An enzymatic hydrolysis of fructose was allowed to proceed to equilibrium at 25 degrees C. The original concentration of fructose-1-p was .2 M, but when the system had reached equlibrium the concentration of fructose 1-p was only 6.52 * 10 -5 M. Calculate the equilibrium constant for this reaction and the standard free energy of hydrolysis of fructose 1-p.
To calculate the equilibrium constant (K) for the enzymatic hydrolysis of fructose, we can use the equilibrium concentrations of the reactants and products. In this case, the reactant is fructose-1-p (F1P), and the product is fructose (F).
The equilibrium constant (K) is defined as the ratio of the product concentrations to the reactant concentrations, each raised to the power of their stoichiometric coefficients.

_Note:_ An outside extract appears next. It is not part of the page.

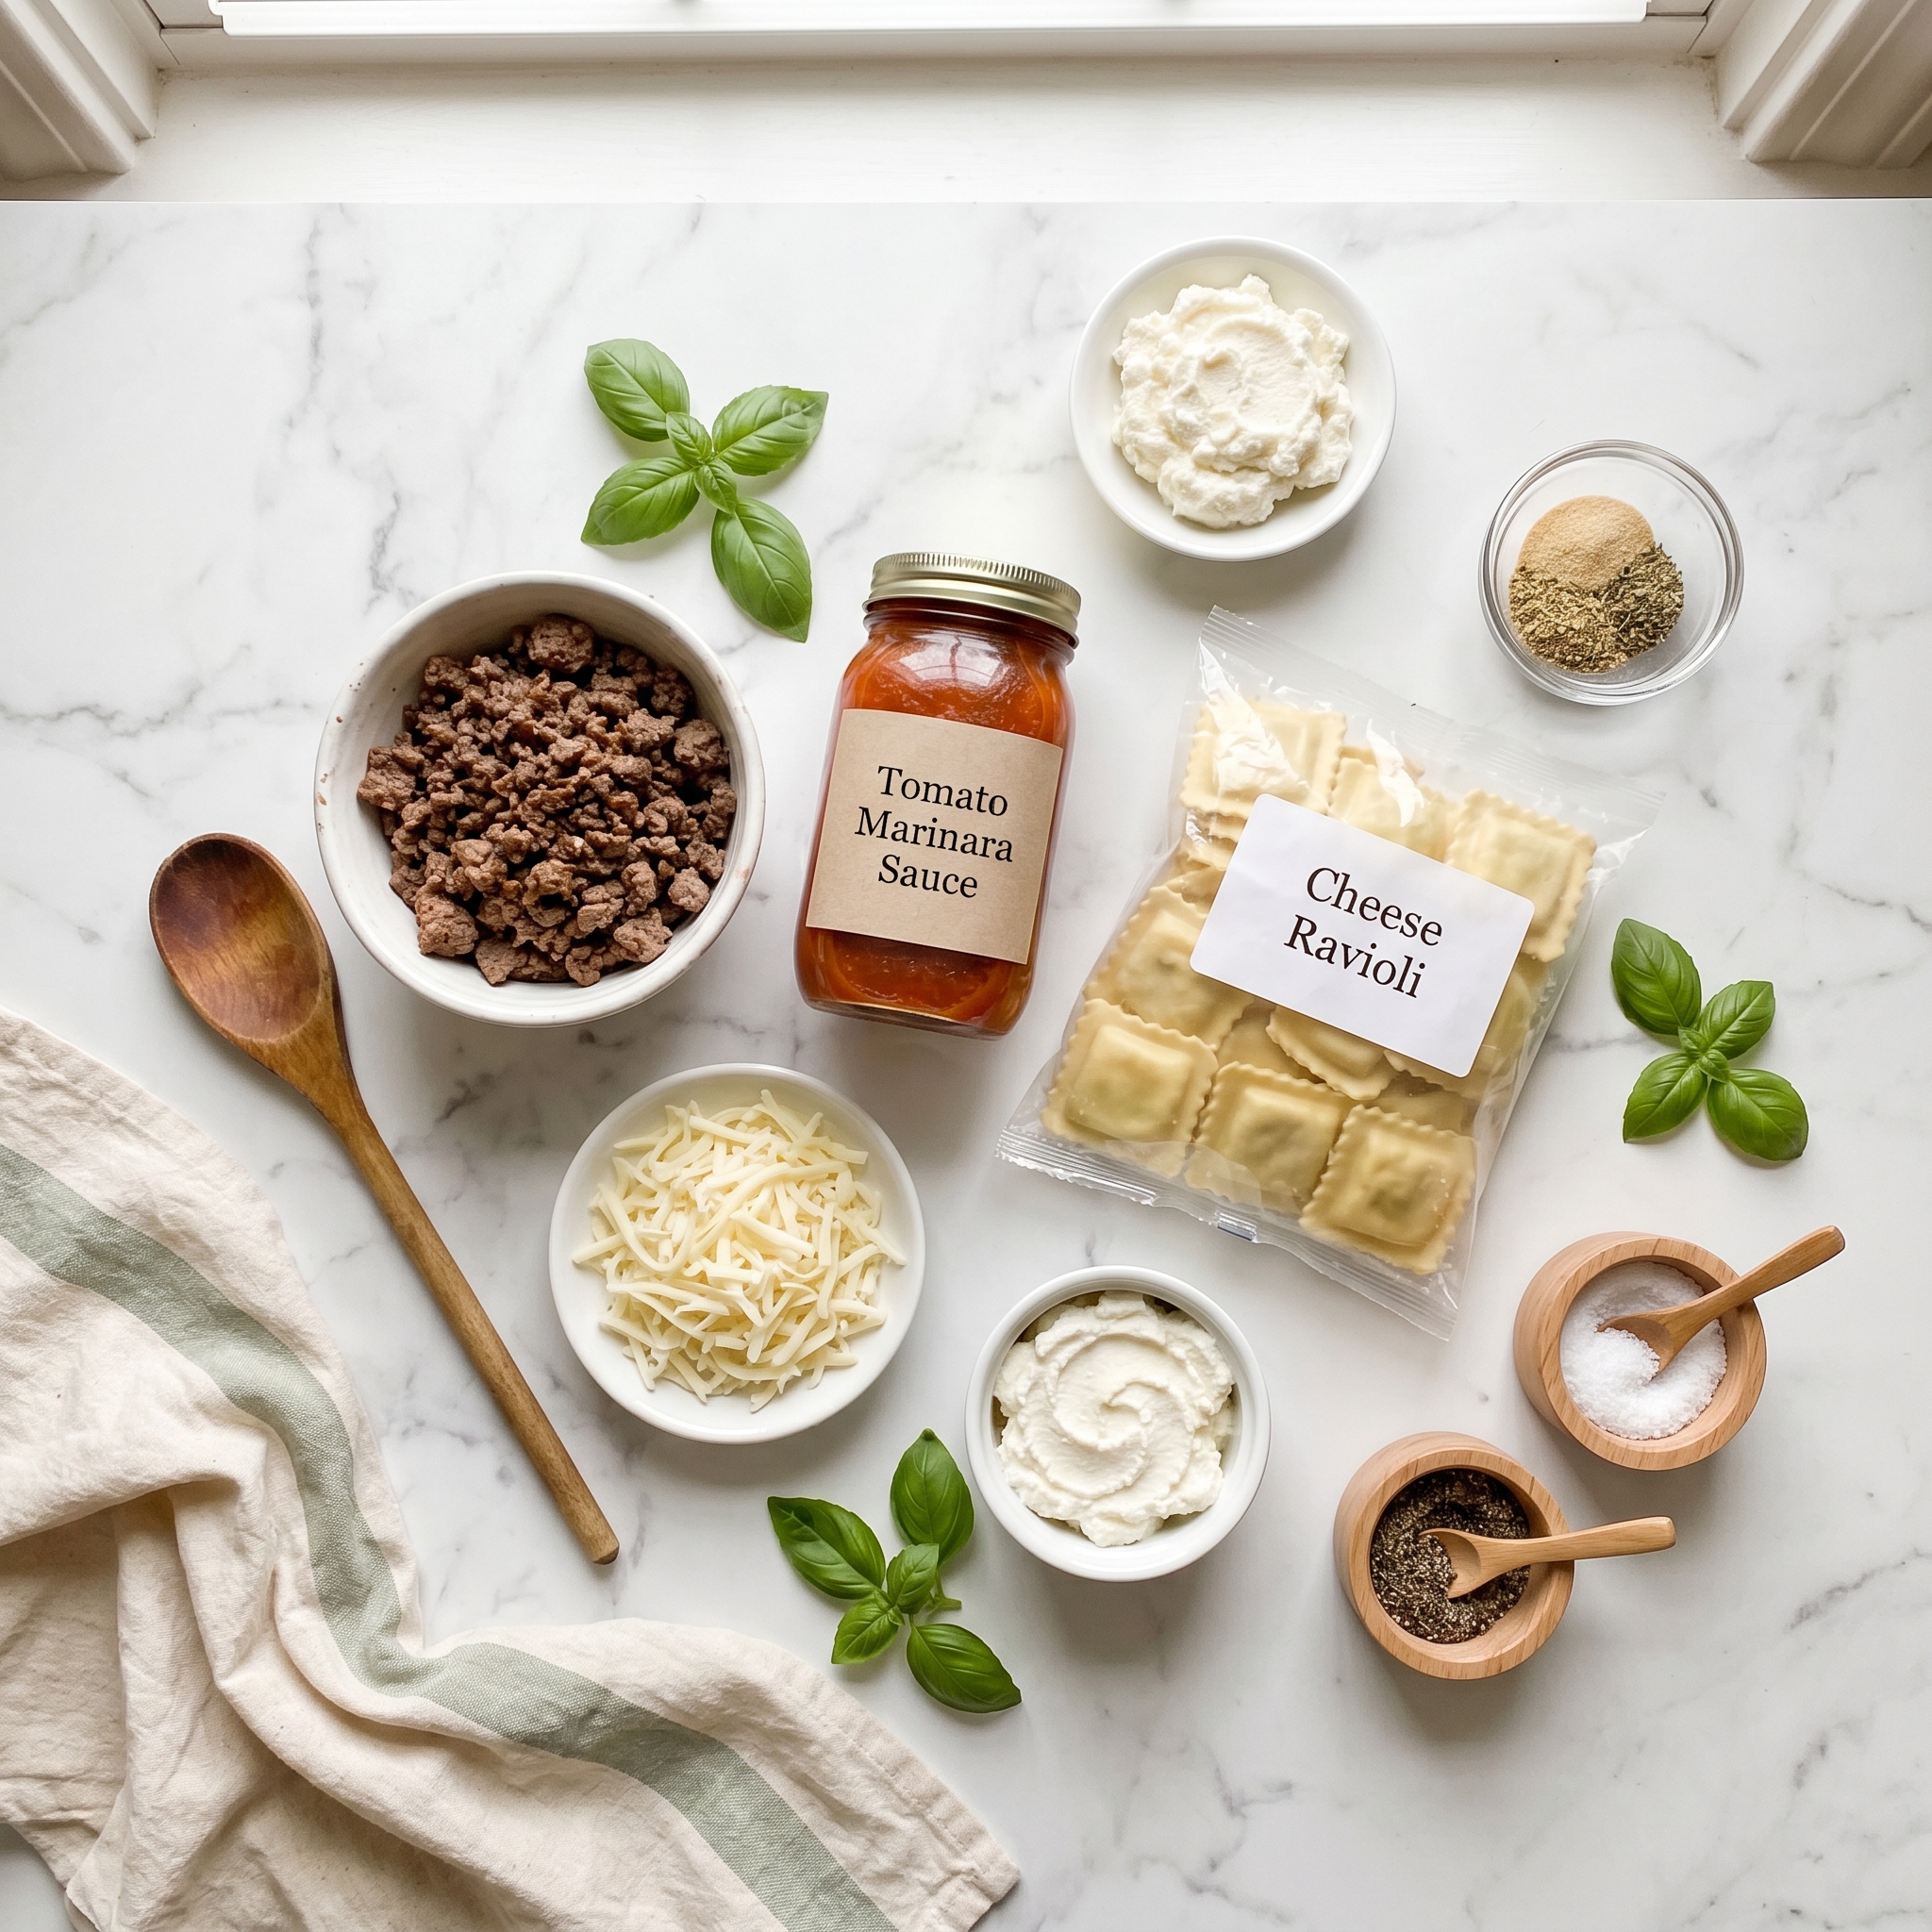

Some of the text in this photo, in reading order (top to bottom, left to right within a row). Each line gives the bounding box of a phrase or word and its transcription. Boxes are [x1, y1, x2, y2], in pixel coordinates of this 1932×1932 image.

The balanced chemical equation for the reaction is:
F1P ↔ F
Therefore, the equilibrium constant expression is:
K = [F]^1 / [F1P]^1
Given that the concentration of fructose-1-p at equilibrium is 6.52 x 10^(-5) M and assuming the concentration of fructose is 0 M initially (as it is a reactant that is produced), we can substitute the values into the equation:
K = (0 M)^1 / (6.52 x 10^(-5) M)^1
K = 0 / 6.52 x 10^(-5) M
K = 0
Therefore, the equilibrium constant for this reaction is 0.
Now, to calculate the standard free energy of hydrolysis of fructose-1-p (ΔG°), we can use the relationship between K and ΔG°, which is given by the equation:
ΔG° = -RT ln(K)
Where:
ΔG°: Standard free energy change
R: Gas constant (8.314 J/mol∙K)
T: Temperature in Kelvin (25 degrees Celsius = 298 K)
ln: Natural logarithm
Substituting the values into the equation:
ΔG° = -(8.314 J/mol∙K) x (298 K) x ln(0)
ΔG° = -(8.314 J/mol∙K) x (298 K) x (-∞)
ΔG° = ∞
Therefore, the standard free energy of hydrolysis of fructose-1-p is infinite.